*** MATERIALS PROVIDED Section Begins ***

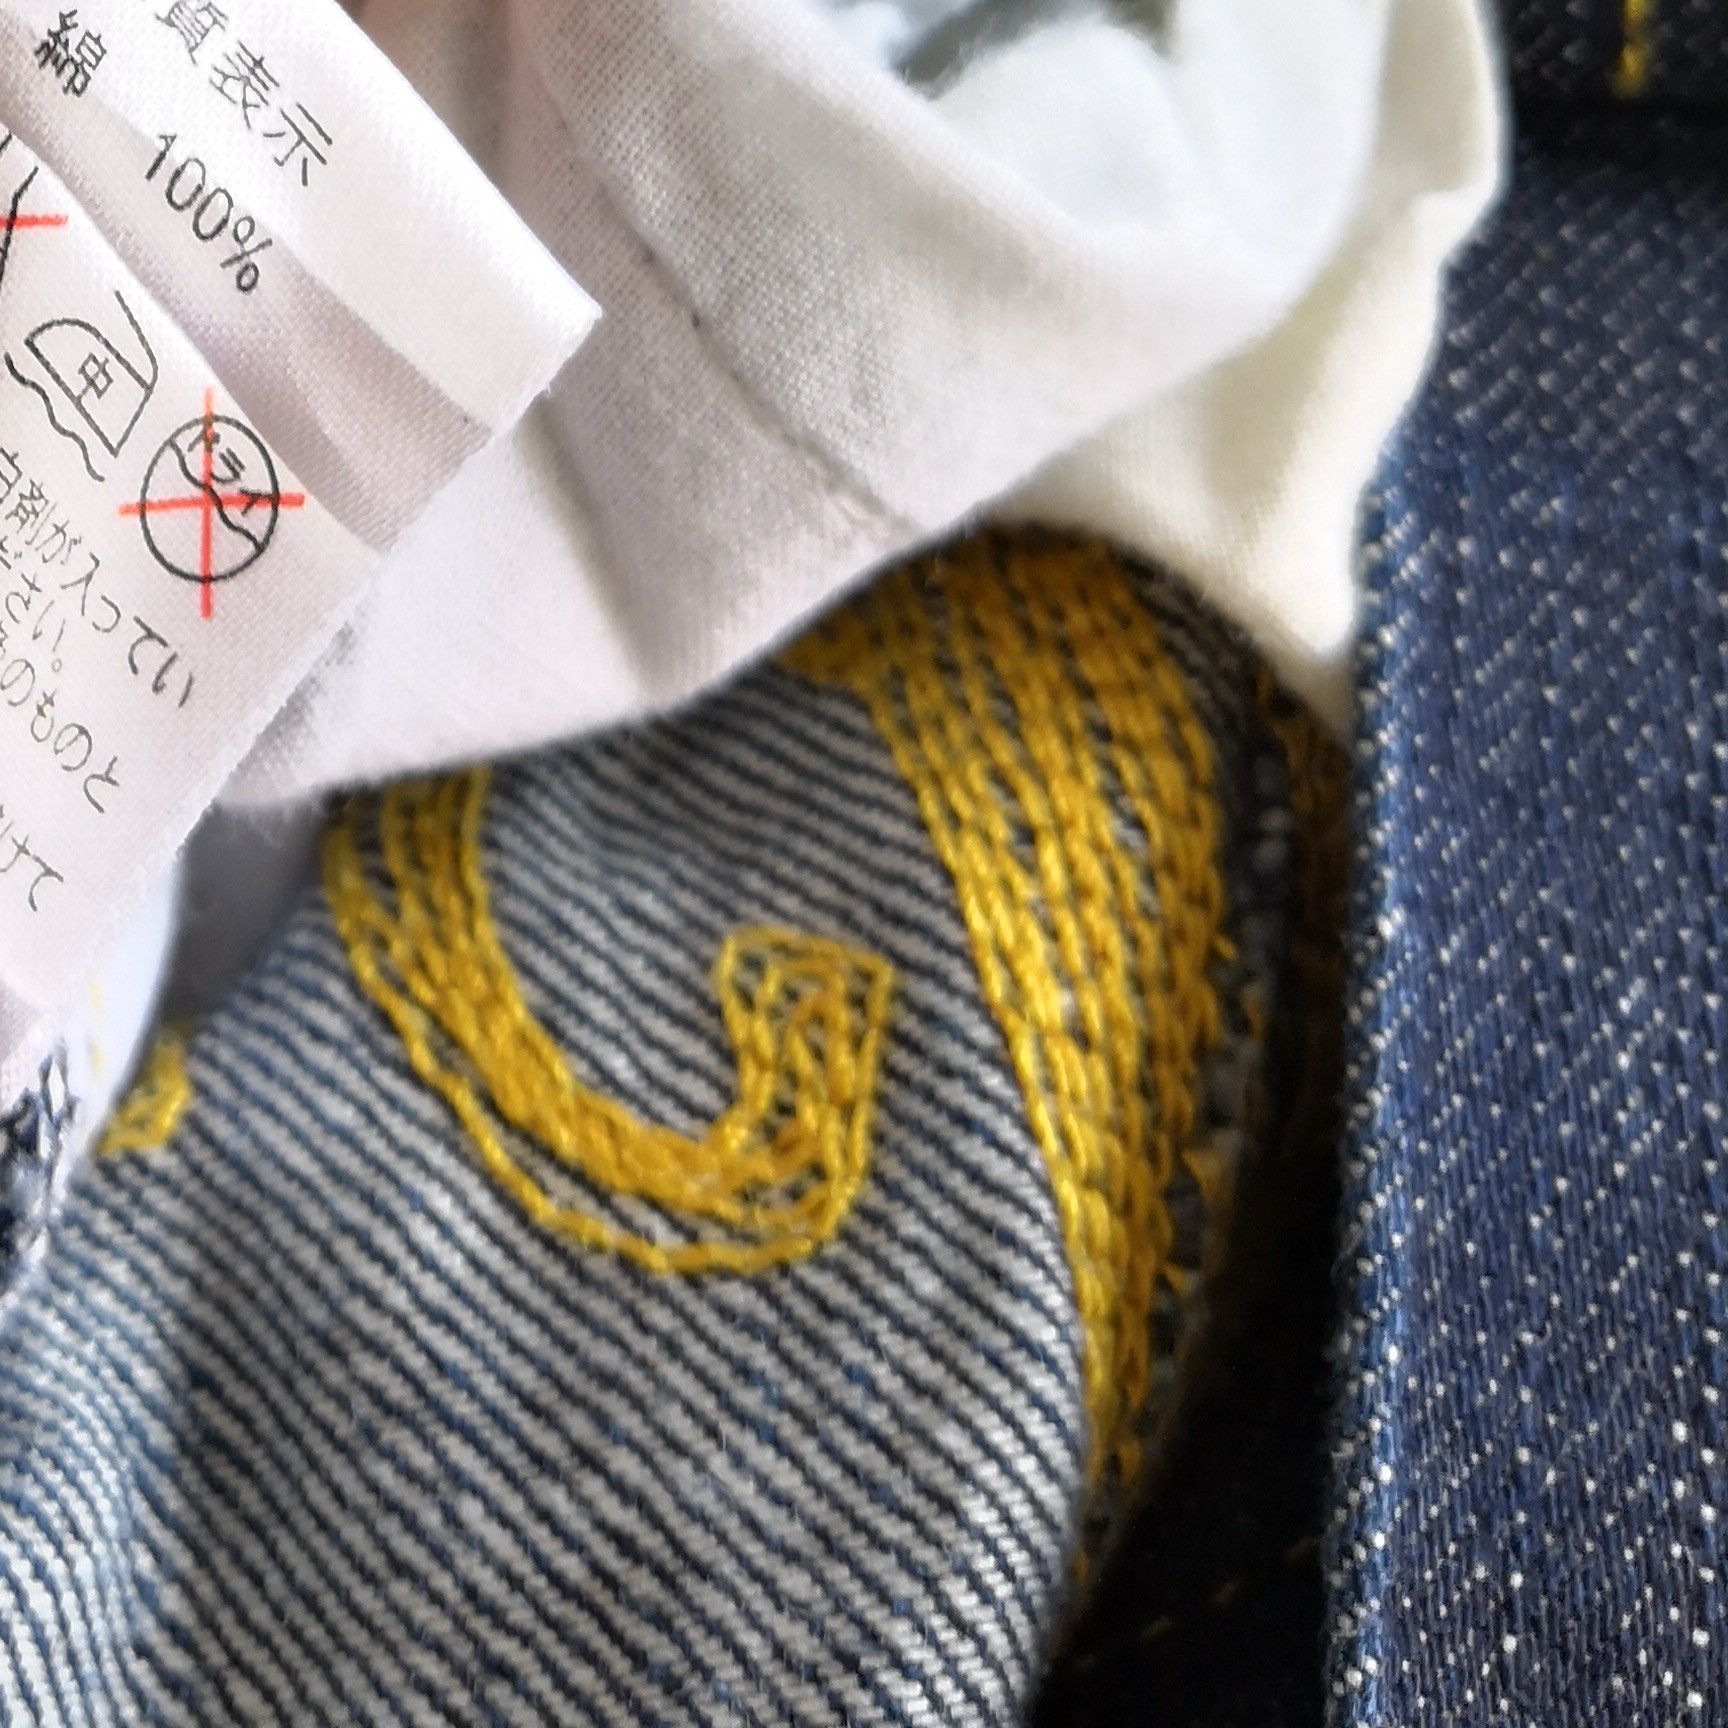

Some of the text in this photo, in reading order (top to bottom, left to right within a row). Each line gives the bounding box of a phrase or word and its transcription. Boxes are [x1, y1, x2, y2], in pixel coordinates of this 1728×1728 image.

*** MATERIALS PROVIDED Section Ends ***
*** MATERIALS PROVIDED Section Begins ***

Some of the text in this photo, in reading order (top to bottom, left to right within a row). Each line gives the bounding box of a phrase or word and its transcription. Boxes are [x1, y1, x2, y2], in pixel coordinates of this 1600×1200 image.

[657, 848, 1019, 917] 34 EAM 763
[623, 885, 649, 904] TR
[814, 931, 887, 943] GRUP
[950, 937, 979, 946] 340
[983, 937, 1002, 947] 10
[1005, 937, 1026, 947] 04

*** MATERIALS PROVIDED Section Ends ***
*** MATERIALS PROVIDED Section Begins ***

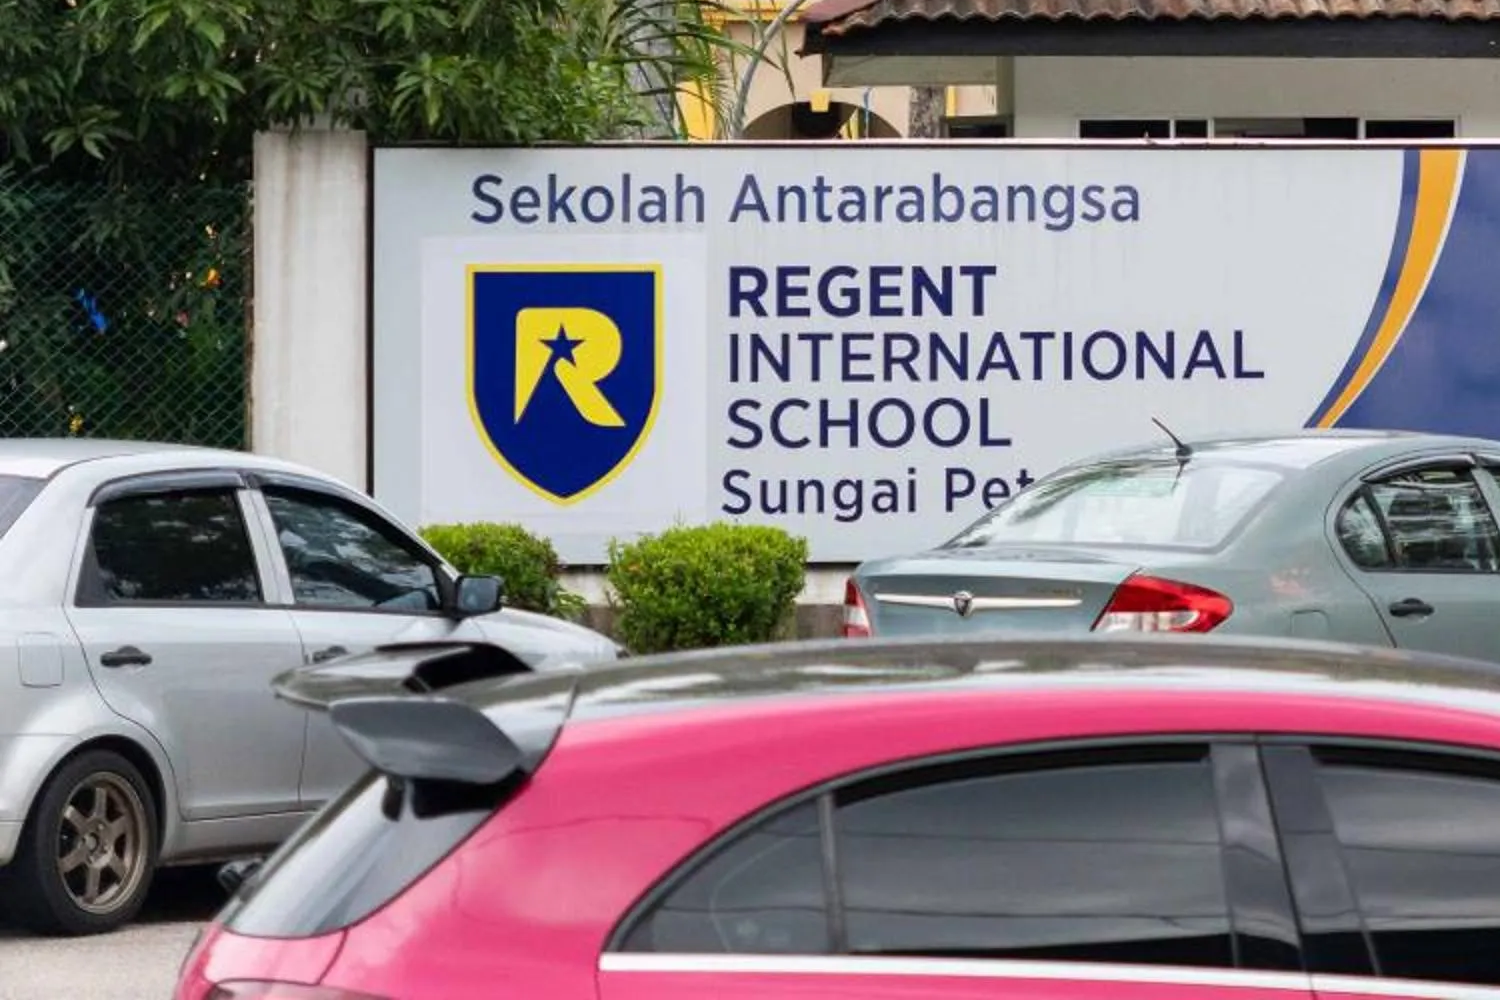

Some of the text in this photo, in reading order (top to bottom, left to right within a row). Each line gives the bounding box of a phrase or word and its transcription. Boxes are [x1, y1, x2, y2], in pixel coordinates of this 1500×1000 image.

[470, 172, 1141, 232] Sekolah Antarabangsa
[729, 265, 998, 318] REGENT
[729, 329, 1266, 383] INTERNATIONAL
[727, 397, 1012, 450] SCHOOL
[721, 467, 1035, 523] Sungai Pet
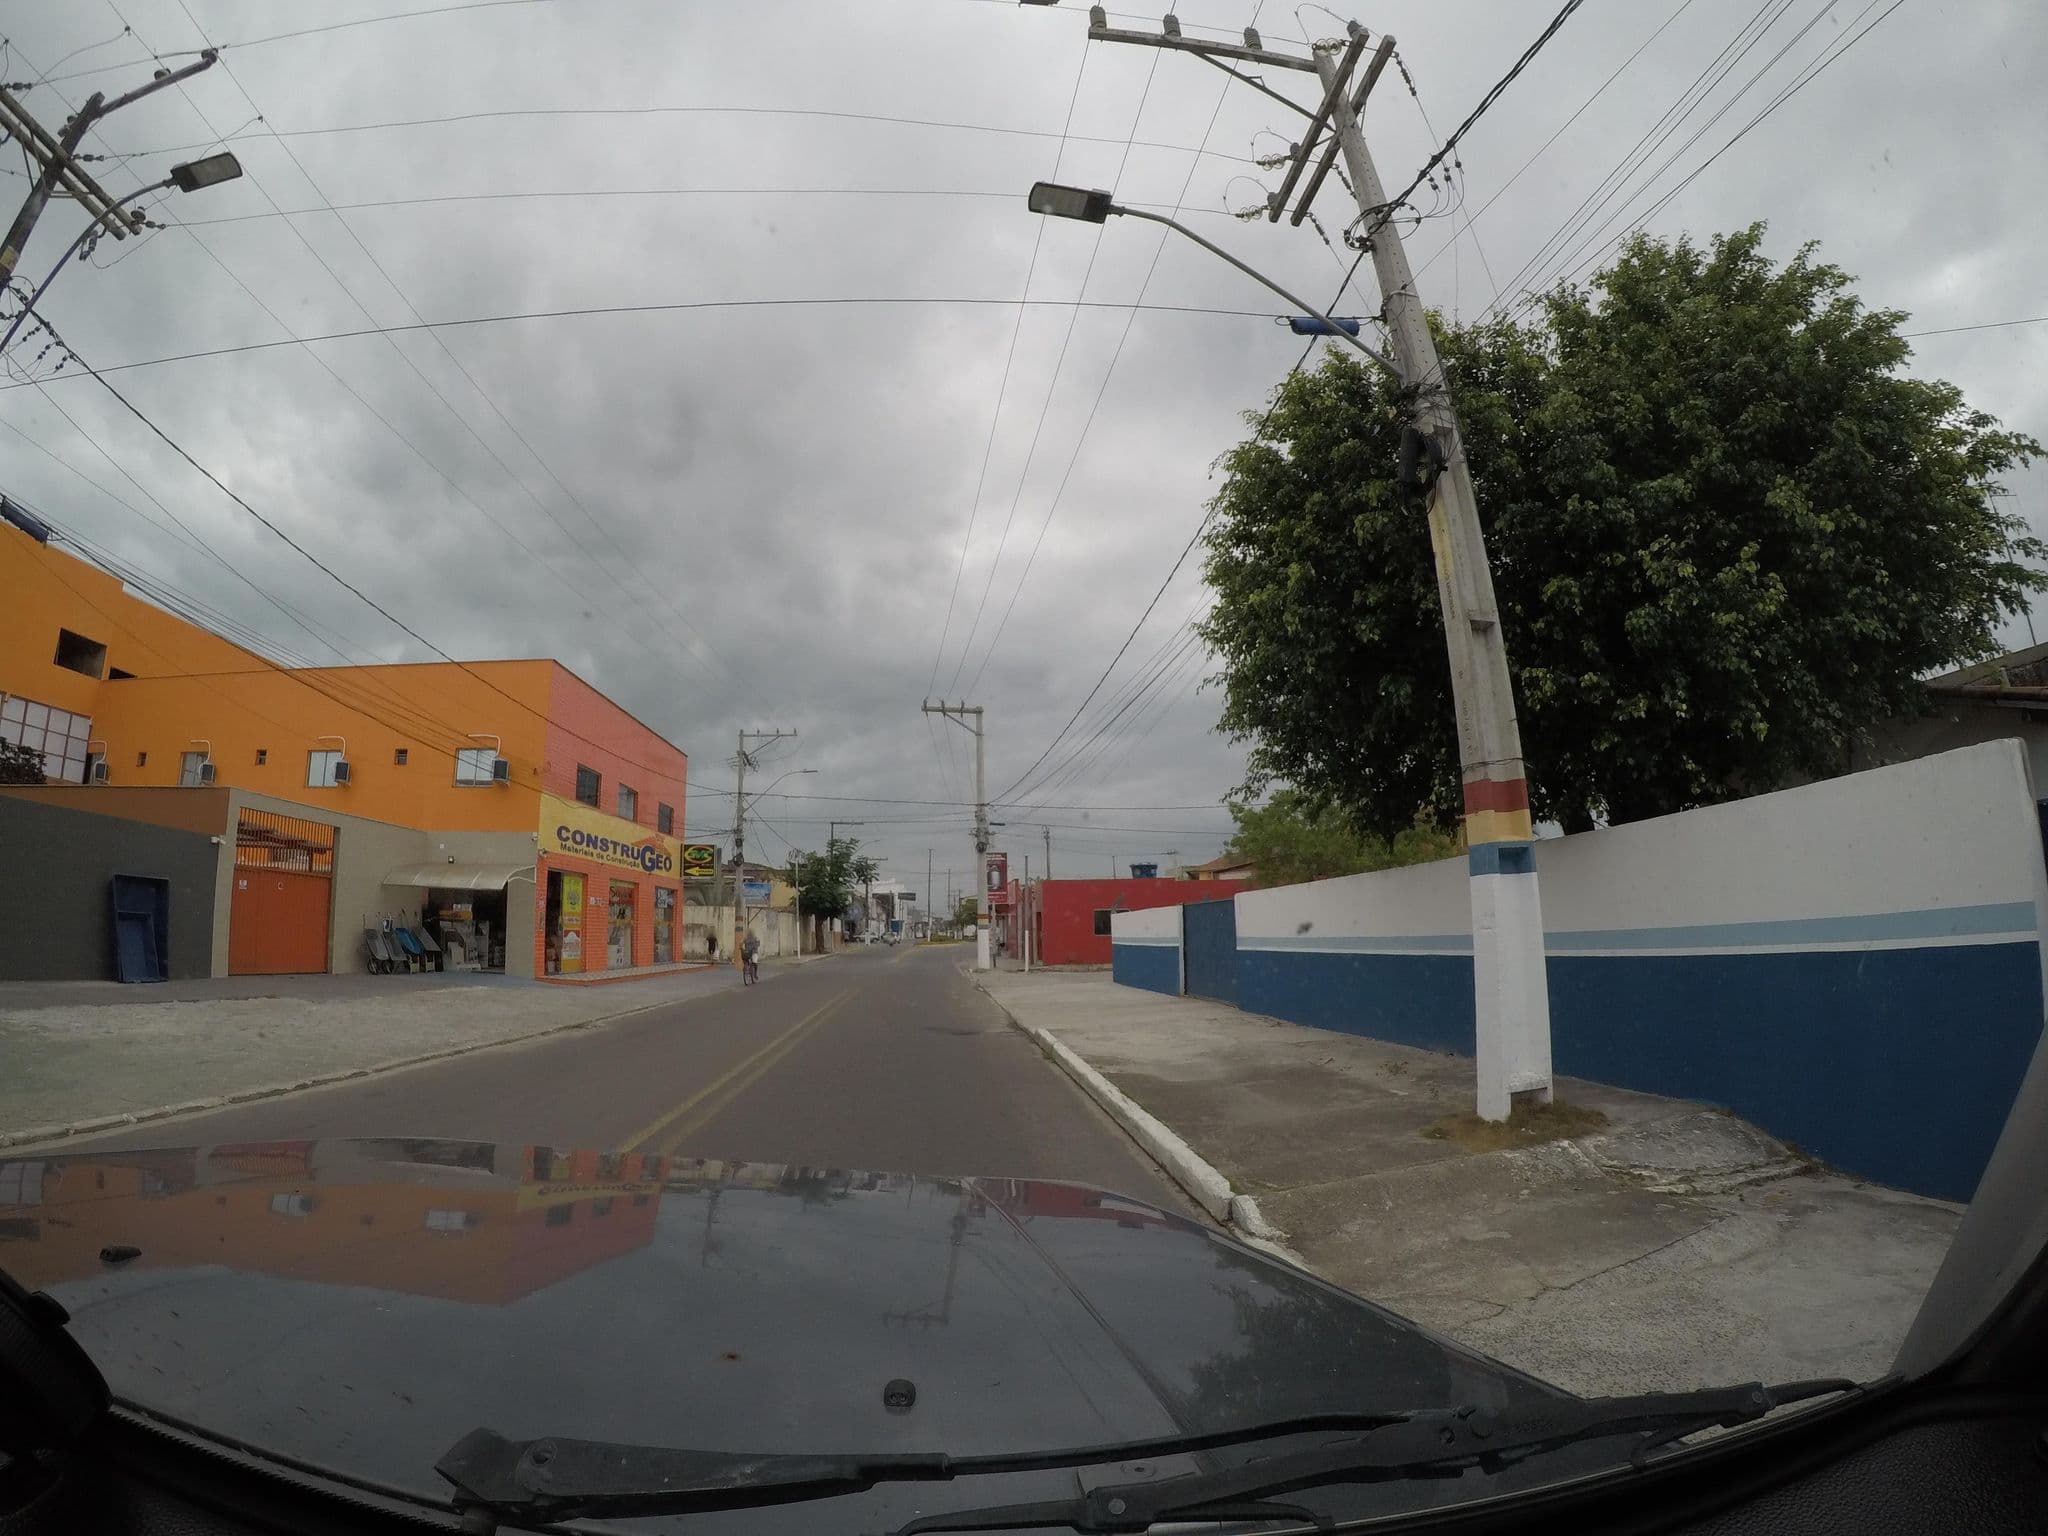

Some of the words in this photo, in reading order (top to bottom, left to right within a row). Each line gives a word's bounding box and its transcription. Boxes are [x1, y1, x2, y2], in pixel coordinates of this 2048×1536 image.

*** MATERIALS PROVIDED Section Ends ***

INSTRUCTIONS TO FOLLOW:
Starting at the line with "this 1500×1000 image." and finishing at the line with "Some of the words", copy the material above exactly, both lines included. Nothing else goes in, and no pictures.

RESULT FOR THIS EXERCISE:
Some of the text in this photo, in reading order (top to bottom, left to right within a row). Each line gives the bounding box of a phrase or word and its transcription. Boxes are [x1, y1, x2, y2], in pixel coordinates of this 1500×1000 image.

[470, 172, 1141, 232] Sekolah Antarabangsa
[729, 265, 998, 318] REGENT
[729, 329, 1266, 383] INTERNATIONAL
[727, 397, 1012, 450] SCHOOL
[721, 467, 1035, 523] Sungai Pet

Some of the words in this photo, in reading order (top to bottom, left to right within a row). Each line gives a word's bounding box and its transcription. Boxes are [x1, y1, x2, y2], in pixel coordinates of this 2048×1536 image.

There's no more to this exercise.